Hawks may have been paranoid, or he may just have been sensitive to Hollywood language, or he may just have wanted to escape from Howard Hughes. “Look, Howard,” he said. “I’ve been offered a new picture with Gary Cooper called Sergeant York, and I can’t take it until I get Kid out of the way. I have an idea. You apparently don’t like what I’m doing out here, so why don’t you take over on this picture? Then you can do what you want, and I can do what I want.” It was Marshall Neilan and Hell’s Angels all over again. Howard Hughes was being challenged once again to take the controls. How could he refuse?

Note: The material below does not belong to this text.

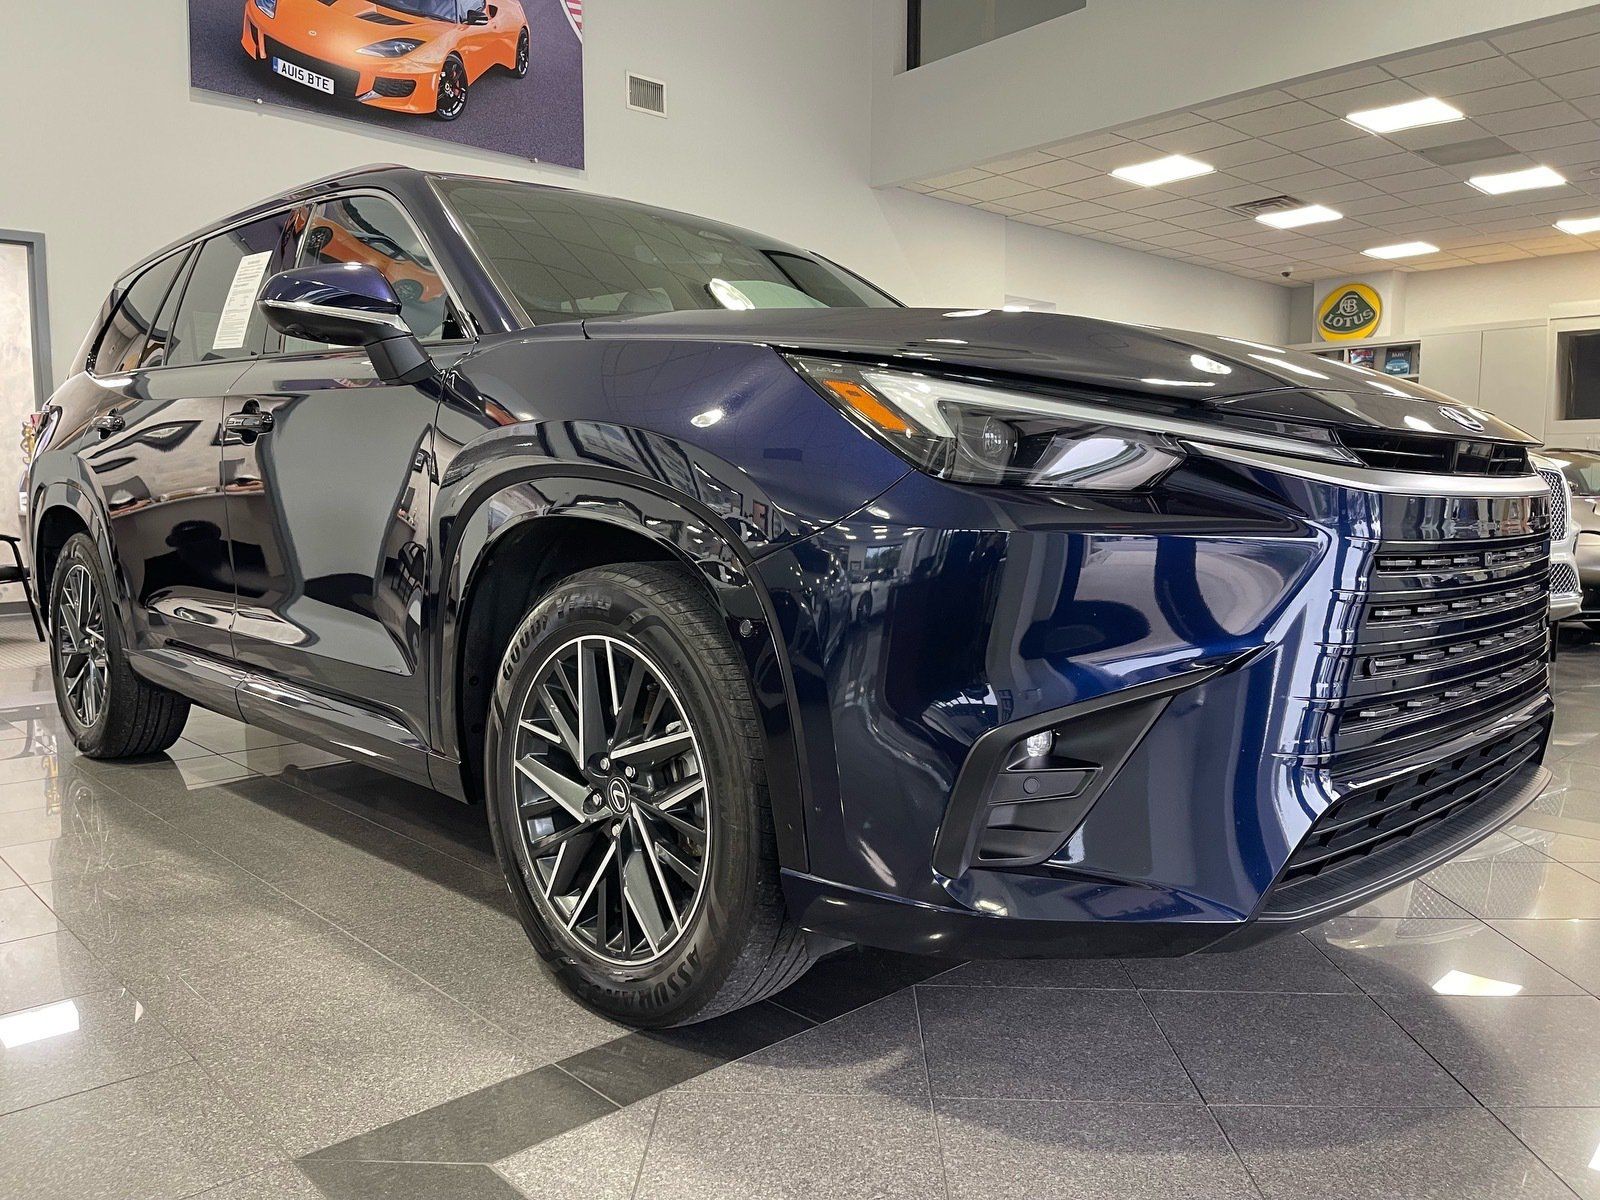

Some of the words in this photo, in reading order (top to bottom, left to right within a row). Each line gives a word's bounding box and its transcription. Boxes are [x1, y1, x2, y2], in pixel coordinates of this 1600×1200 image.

[281, 62, 304, 81] AU15
[307, 72, 330, 91] BTE
[1325, 309, 1373, 327] LOTUS

Hughes’s first act was not to fly to the scene but rather to demand that the entire cast and crew, some 250 people, abandon all work at the site nearly 100 miles beyond Flagstaff, Arizona, and return to Los Angeles for consultations. When filming resumed under Hughes’s direction, it resumed at Hughes’s own bizarre pace. Often he appeared only late at night and then insisted on filming all night long. Sometimes he demanded th
irty retakes of a simple scene, sometimes none at all. While Hughes dawdled, M-G-M stole his title and hastily produced its own Billy the Kid, starring Robert Taylor. Hughes called up Louis B. Mayer to protest. Mayer was not stricken by remorse. Hughes had to change to a new title: The Outlaw.

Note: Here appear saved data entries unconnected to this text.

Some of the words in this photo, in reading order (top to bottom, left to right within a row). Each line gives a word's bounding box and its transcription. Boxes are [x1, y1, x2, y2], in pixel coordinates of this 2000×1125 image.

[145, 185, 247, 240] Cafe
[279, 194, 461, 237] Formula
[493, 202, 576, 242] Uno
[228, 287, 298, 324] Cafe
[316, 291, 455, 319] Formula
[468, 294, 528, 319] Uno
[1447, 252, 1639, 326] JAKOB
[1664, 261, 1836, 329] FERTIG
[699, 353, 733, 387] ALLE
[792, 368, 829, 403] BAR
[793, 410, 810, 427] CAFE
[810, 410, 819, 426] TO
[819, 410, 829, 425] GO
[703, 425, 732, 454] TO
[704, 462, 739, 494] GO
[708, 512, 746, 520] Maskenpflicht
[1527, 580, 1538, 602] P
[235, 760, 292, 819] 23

If Hughes could not coerce Mayer, he could at least torment his own employees, and so, during one of those all-night filming sessions, there occurred the famous scene of the Jane Russell brassiere. The heroine was supposed to be undergoing torture by Indians, supposed to be tied by the wrists between two trees, supposed to be writhing in pain. Hughes, playing director, insisted on having the scene shot over and over. It eventually became clear that he was having trouble in satisfying his own fantasy of what a girl strung up between two trees should look like. “This is really just a very simple engineering problem,” he said as he called for a drawing board, paper, and pencil. The legend is that Hughes regarded the Russell bosom as a challenge to his skill in aeronautical design, that he quickly sketched a plan for a new brassiere, and that a wardrobe mistress immediately stitched together something that would fulfill Hughes’s fantasies. The legend defies plausibility, if only because of Hughes’s continuing inability to design airplanes that functioned properly. The only plausible element, indeed, was Hughes’s morbid insistence that his employees spend their evening hours watching him direct other employees in taking pictures of a girl strung up between two trees. As for what actually happened, Miss Russell herself is the best witness: “When I went into the dressing room and tried it [the new bra] on, I found it uncomfortable and ridiculous. Obviously he wanted today’s seamless bra, which didn’t exist then. . . . So I put on my own bra, covered the seams with tissue, pulled the straps over to the side, put on my blouse and started out. . . . Everybody behind the camera stared, and Howard finally nodded okay, and filming proceeded.”